WASHINGTON — A pair of investigators working for Chandra Levy's family on Thursday found a 12- to 14-inch bone near where the young woman's remains were discovered in Rock Creek Park here, and the Washington medical examiner said he believes it may be her missing tibia.
Jonathan Arden, the medical examiner, said that the leg bone is "consistent in every way" with the remains that were recovered two weeks ago.
"It is in the same condition. And it is essentially the same size as the right tibia, or shinbone, that we had," Arden said. "So my working hypothesis is that it comes from Chandra."
Arden has called the case a homicide, but said the new find shows "no specific injury" that would lead him to change the cause of death from "undetermined," the official conclusion he reached after examining the skeletal remains and other evidence.
The private investigators also found some twisted wire, possibly a clothes hanger, not far from the bone. The wire was bent and had been formed to resemble a figure eight, with two distinct loops.
Police spent a week canvassing the area, a process that was described as meticulous and was aimed at ensuring the recovery of as much evidence as possible. The search continued day and night and at various points involved police recruits, about 15 dogs, crime scene technicians, anthropologists and an archeologist.
But the possibility that a bone likely belonging to Levy was somehow overlooked--and in proximity to where most of the remains were found--raises questions about how thoroughly and systematically the immediate scene was covered.
Police initially downplayed the likelihood that the bone might be Levy's, but Thursday night the department released a statement saying the find was uncovered just 25 yards from where the young woman's skull was found.
The mobile crime unit was ordered back to the scene, and the area was cordoned off and the search resumed.
"It is unacceptable that these items were not located," Police Chief Charles Ramsey said in the statement. "I have directed that this matter be thoroughly reviewed to determine why these items were not originally found."
The two private detectives, who were hired by Levy family attorney Billy Martin and were in the park Thursday accompanied by a reporter, found the bone only about 50 feet from a cleared section of the park where police looked for Levy's remains during a weeklong search of the crime scene.
The two former Washington homicide detectives, Joe McCann, 52, and Duane Stanton, 43, were raking the area looking for evidence when they found the bone and the wire. Both items were covered by leaves.

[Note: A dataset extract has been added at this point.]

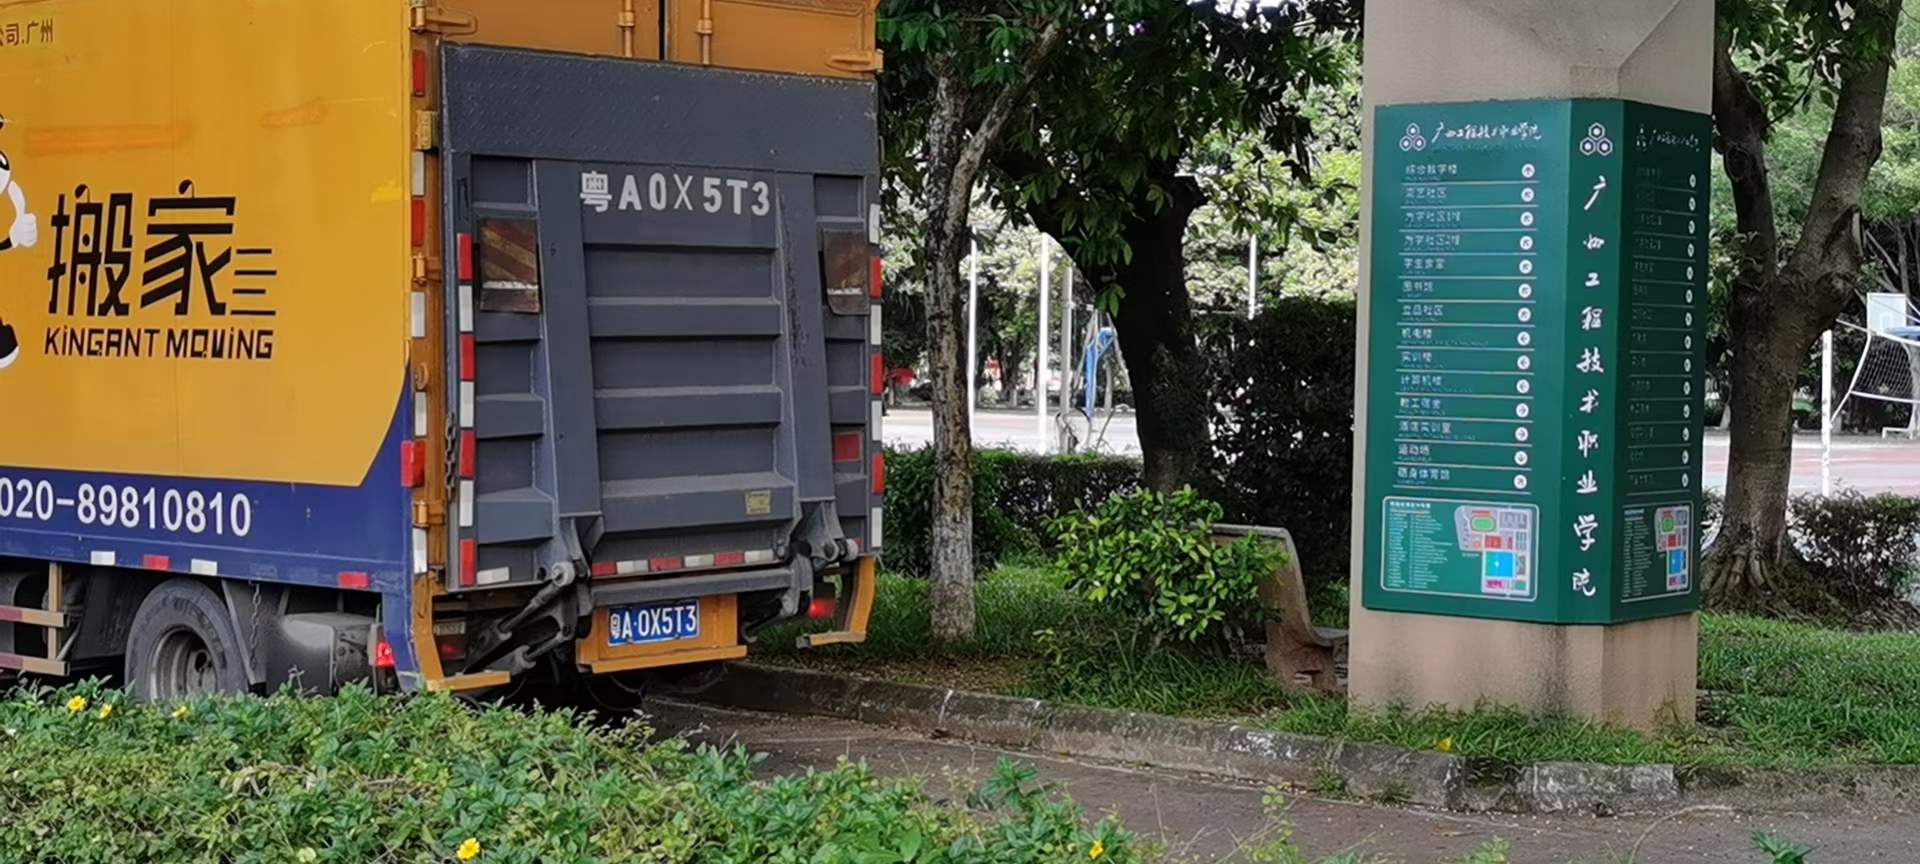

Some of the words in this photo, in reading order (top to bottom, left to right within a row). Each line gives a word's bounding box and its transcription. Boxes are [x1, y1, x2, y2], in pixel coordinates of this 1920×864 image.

"You'd think the cadaver dogs would have located it," Ramsey said before Arden had identified the bone.
"If it was a [body part], obviously we would have liked to have found it. When we released the scene, we knew the left leg had not been located. We were out there for a week. We did not find 100% of the skeleton."
Thursday morning, on WTOP radio's "Ask the Chief" program, Ramsey said the mobile crime unit had done "an excellent, excellent job" of investigating the area. "It's very difficult to search" the remote thicket where the bones were found, he said. "That's why it took so many days."
Ramsey said that the wire found in the park may not be connected to the crime scene, but instead might be wire used by the National Park Service to support growing trees.